図1】ヒトの膝の解剖学的構造の概略側面図である。
図2】調節可能な固定インプラントの例示的な一実施形態の側面図である。
図3図2の調節可能な固定インプラントの固定本体の斜視図である。
図4A図2の調節可能な固定インプラントの縫合糸構造体の側面図であり、縫合糸構造体は一方向に調節可能なループを有する。
図4B】2つの8の字形引き結びの結び目を含む、図4Aの縫合糸構造体の一部分の詳細側面図である。
図5】縫合糸構造体に連結された第2の固定本体を有する、図2の調節可能な固定インプラントの側面図であり、縫合糸構造体は図4Aに更に示されている。
図6】8の字形引き結びの結び目を形成する例示的な一実施形態の概略側面図である。
図7A図4Aの縫合糸構造体と同様の縫合糸構造体の一部分の詳細側面図であり、縫合糸構造体は、調節される向きに配設された図6の8の字形引き結びの結び目を含む。
図7B】ロックされる向きに配設された図7Aの縫合糸構造体の一部分の詳細側面図である。
図8A図4Aの縫合糸構造体と同様の縫合糸構造体の一部分の詳細側面図であり、縫合糸構造体は、調節される向きに延在した8の字形引き結びの結び目を含む。
図8B】ロックされる向きに配設された図8Aの縫合糸構造体の一部分の詳細側面図である。
図9A図4Aの縫合糸構造体と同様の縫合糸構造体の一部分の詳細側面図であり、縫合糸構成体は単一のプルージック型結び目を含む。
図9B図4Aの縫合糸構造体と同様の縫合糸構造体の例示的な一実施形態の詳細側面図であり、縫合糸構造体は、少なくとも2つのプルージック型結び目(図示されるように、4つのそのような結び目)を使用して構築された一方向に調節可能なループを含む。
図10A】一方向に調節可能なループを締め付ける方法の例示的な一実施形態の工程の概略側面図である。

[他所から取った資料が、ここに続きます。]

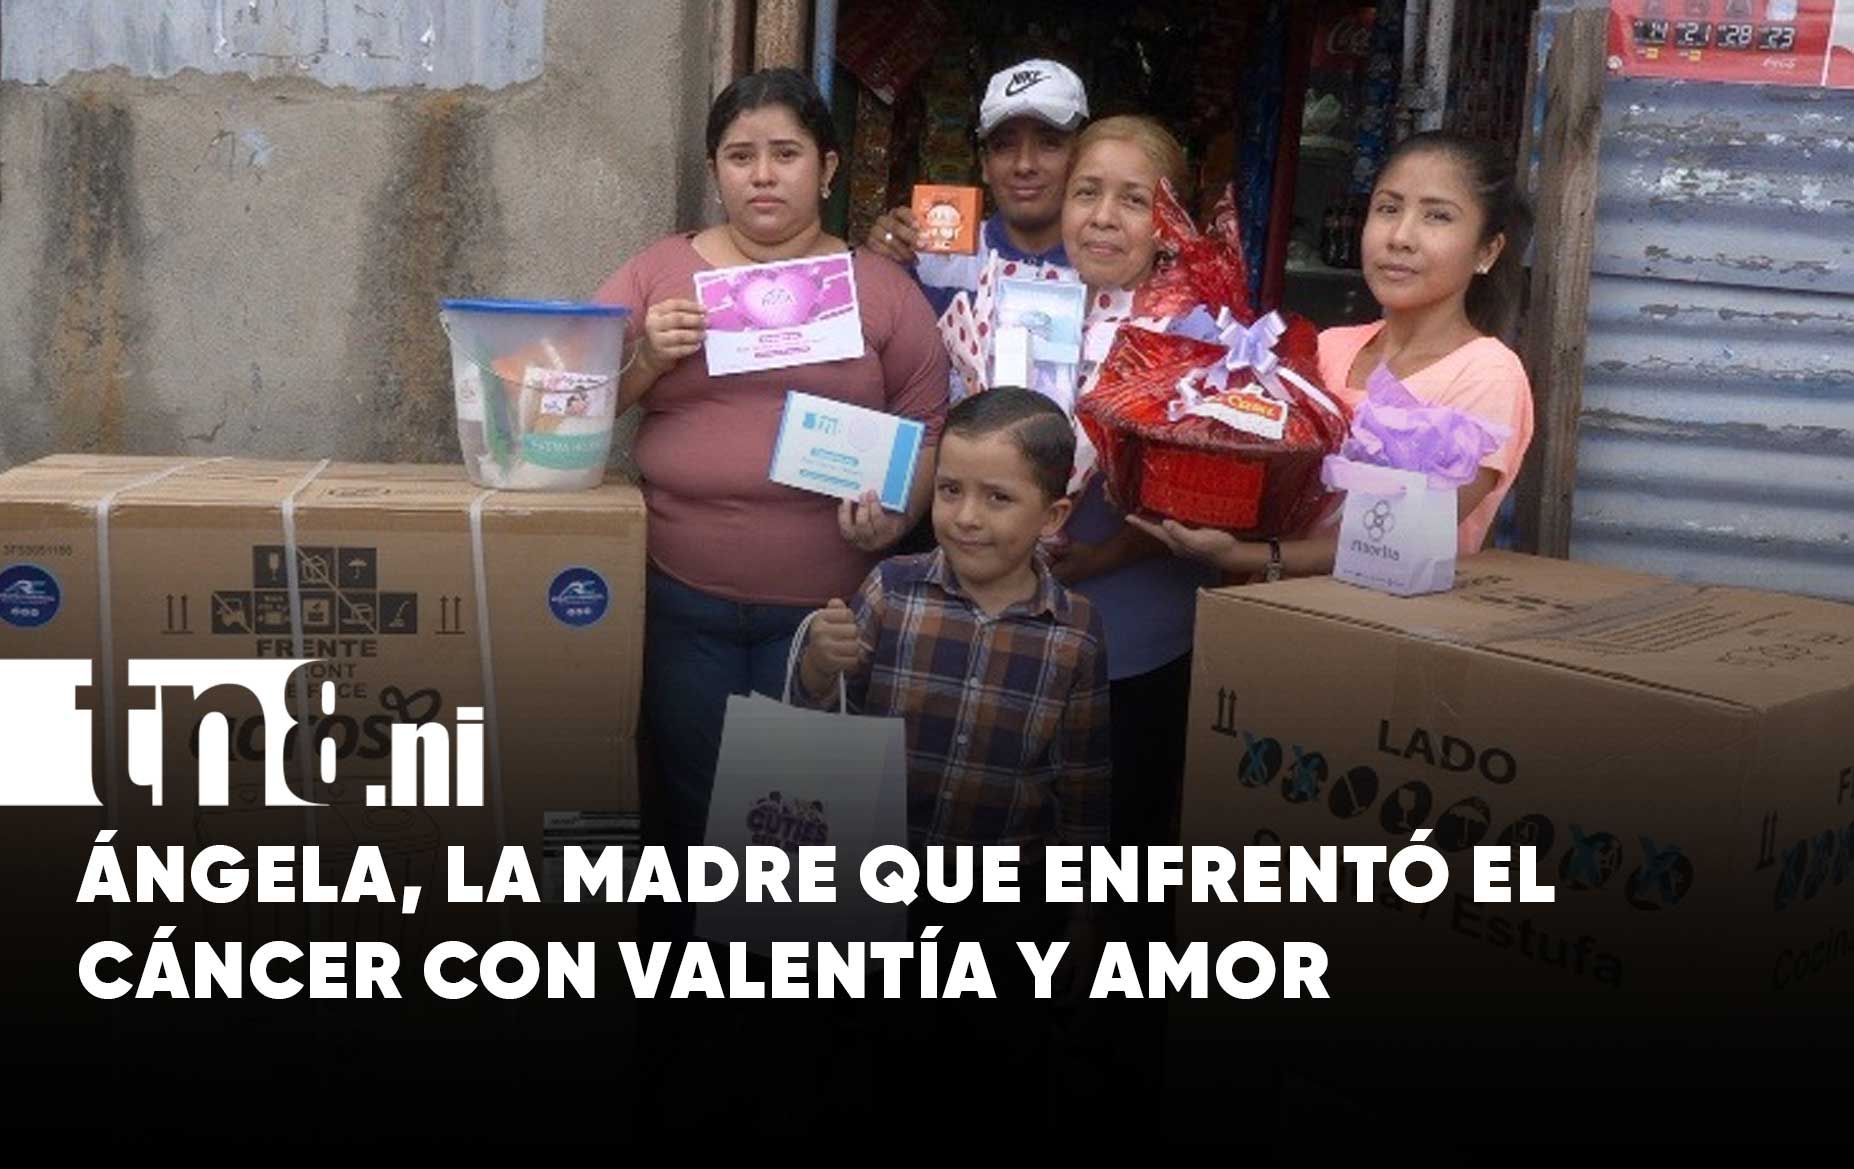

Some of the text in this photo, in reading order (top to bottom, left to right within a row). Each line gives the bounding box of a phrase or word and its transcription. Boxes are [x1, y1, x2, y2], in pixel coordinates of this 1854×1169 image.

[1684, 22, 1711, 42] 21
[1726, 25, 1752, 44] 28
[1768, 26, 1795, 48] 23
[257, 639, 377, 657] FRENTE
[307, 682, 367, 699] FCE
[1378, 719, 1517, 785] LADO
[748, 807, 829, 848] CUTIES
[1453, 893, 1623, 989] Estufa

図10B】一方向に調節可能なループを締め付ける方法の例示的な一実施形態の工程の概略側面図である。
図10C】一方向に調節可能なループを締め付ける方法の例示的な一実施形態の工程の概略側面図である。
図11】大腿骨内に配設置された調節可能な固定インプラントの例示的な一実施形態の概略側面図である。

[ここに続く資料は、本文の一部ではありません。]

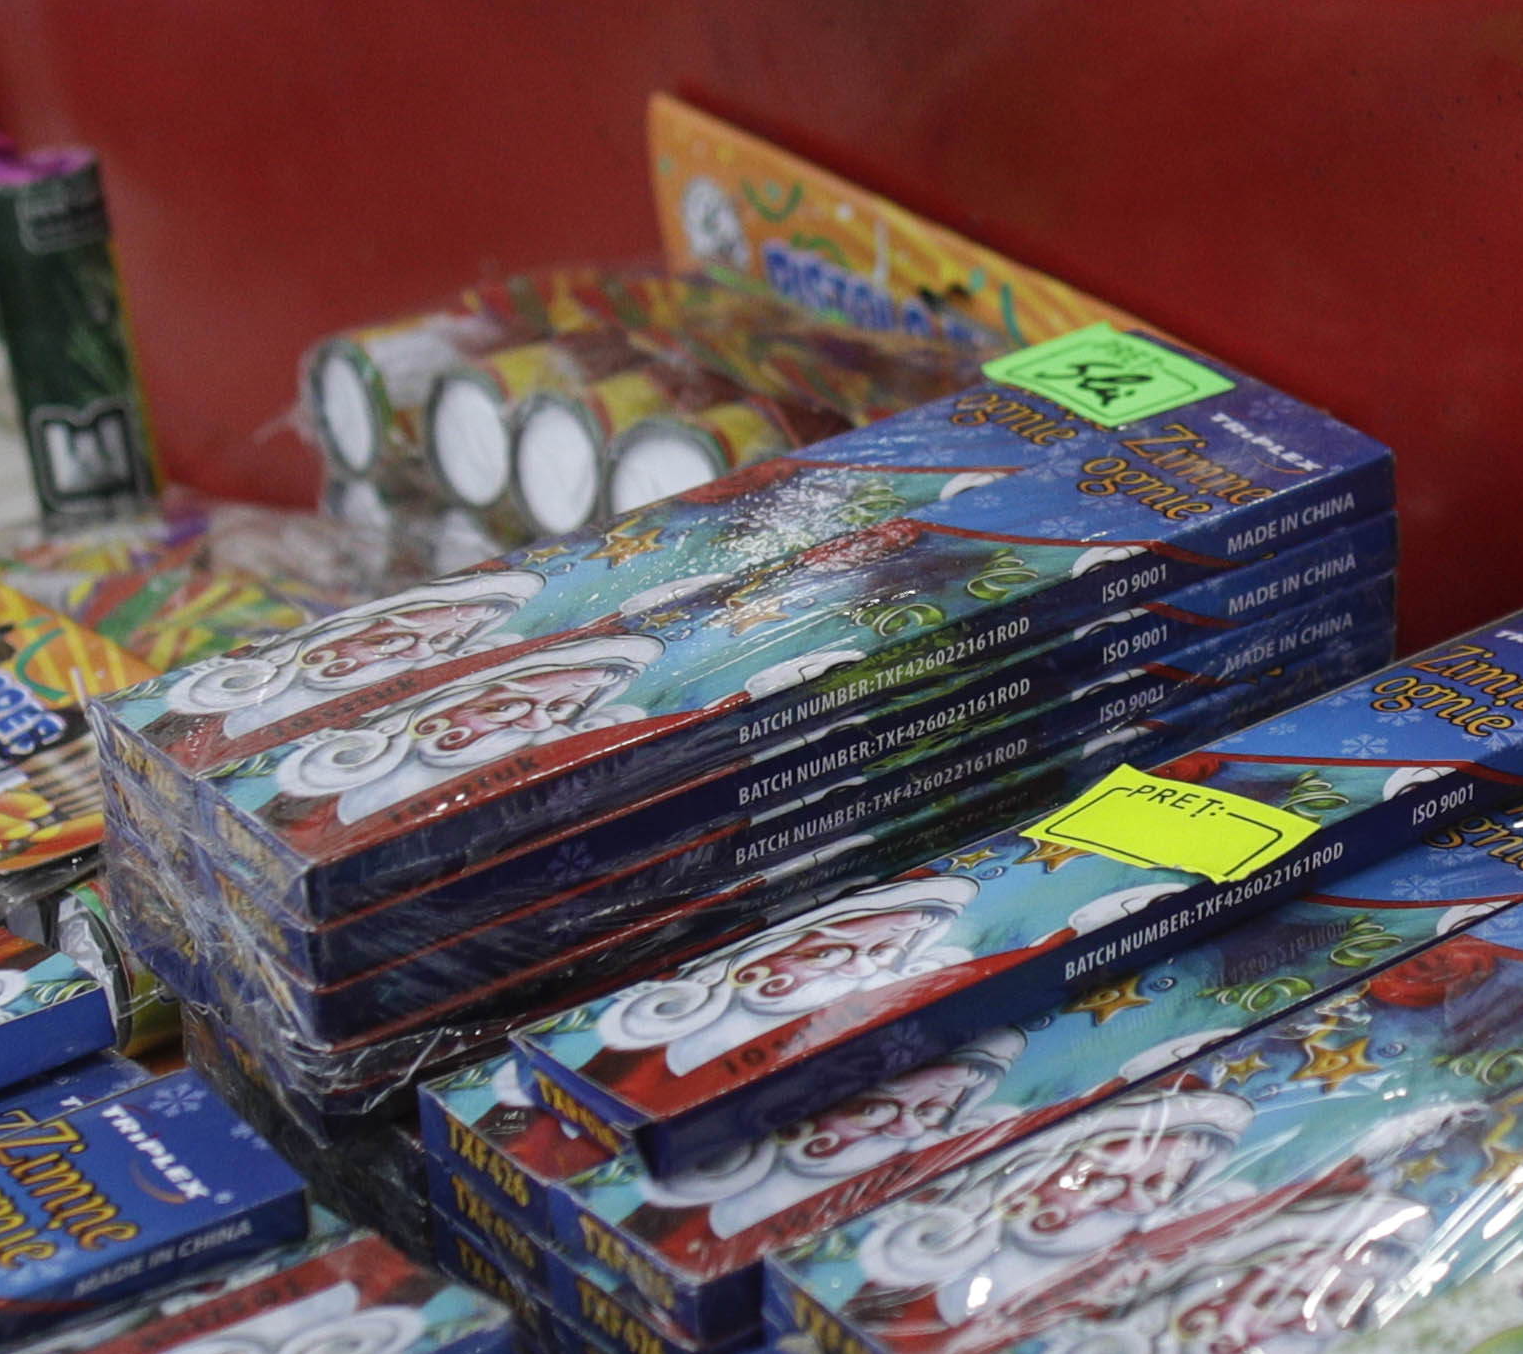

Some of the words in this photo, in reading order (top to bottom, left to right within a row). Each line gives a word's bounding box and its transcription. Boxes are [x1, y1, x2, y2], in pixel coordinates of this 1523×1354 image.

[1078, 456, 1213, 522] ognie
[1123, 424, 1275, 505] Zimne
[1227, 521, 1276, 555] MADE
[1280, 513, 1299, 540] IN
[1303, 492, 1356, 532] CHINA
[1102, 578, 1128, 602] ISO
[1132, 565, 1168, 596] 9001
[1227, 582, 1276, 616] MADE
[1280, 574, 1299, 601] IN
[1303, 553, 1356, 593] CHINA
[1103, 640, 1128, 664] ISO
[1132, 626, 1168, 657] 9001
[1225, 643, 1276, 674] MADE
[1278, 635, 1296, 662] IN
[1300, 613, 1353, 653] CHINA
[739, 708, 791, 744] BATCH
[1099, 698, 1125, 723] ISO
[1128, 684, 1164, 714] 9001
[1372, 675, 1514, 737] ognie
[739, 771, 791, 805] BATCH
[1413, 802, 1436, 825] ISO
[1439, 784, 1474, 813] 9001
[736, 830, 789, 866] BATCH
[1065, 946, 1116, 981] BATCH
[447, 1113, 532, 1208] TXF426
[73, 1256, 141, 1297] MADE
[147, 1246, 171, 1270] IN
[179, 1220, 253, 1260] CHINA

図12A図4Aの縫合糸構造体の斜視図であり、縫合糸構造体は2つの固定本体と関連付けられている。
図12B図4Aの縫合糸構造体の斜視図であり、縫合糸構造体は2つの固定本体と関連付けられている。
図12C図4Aの縫合糸構造体の斜視図であり、縫合糸構造体は2つの固定本体と関連付けられている。
図13図3の固定本体に連結された図4Aの縫合糸構造体を含む調節可能な固定インプラントの例示的な一実施形態の側面図であり、縫合糸構造体はまた、ユーティリティステッチを含む。
図14A図13の調節可能な固定インプラントを使用する方法の例示的な一実施形態の工程の概略側面図である。
図14B図13の調節可能な固定インプラントを使用する方法の例示的な一実施形態の工程の概略側面図である。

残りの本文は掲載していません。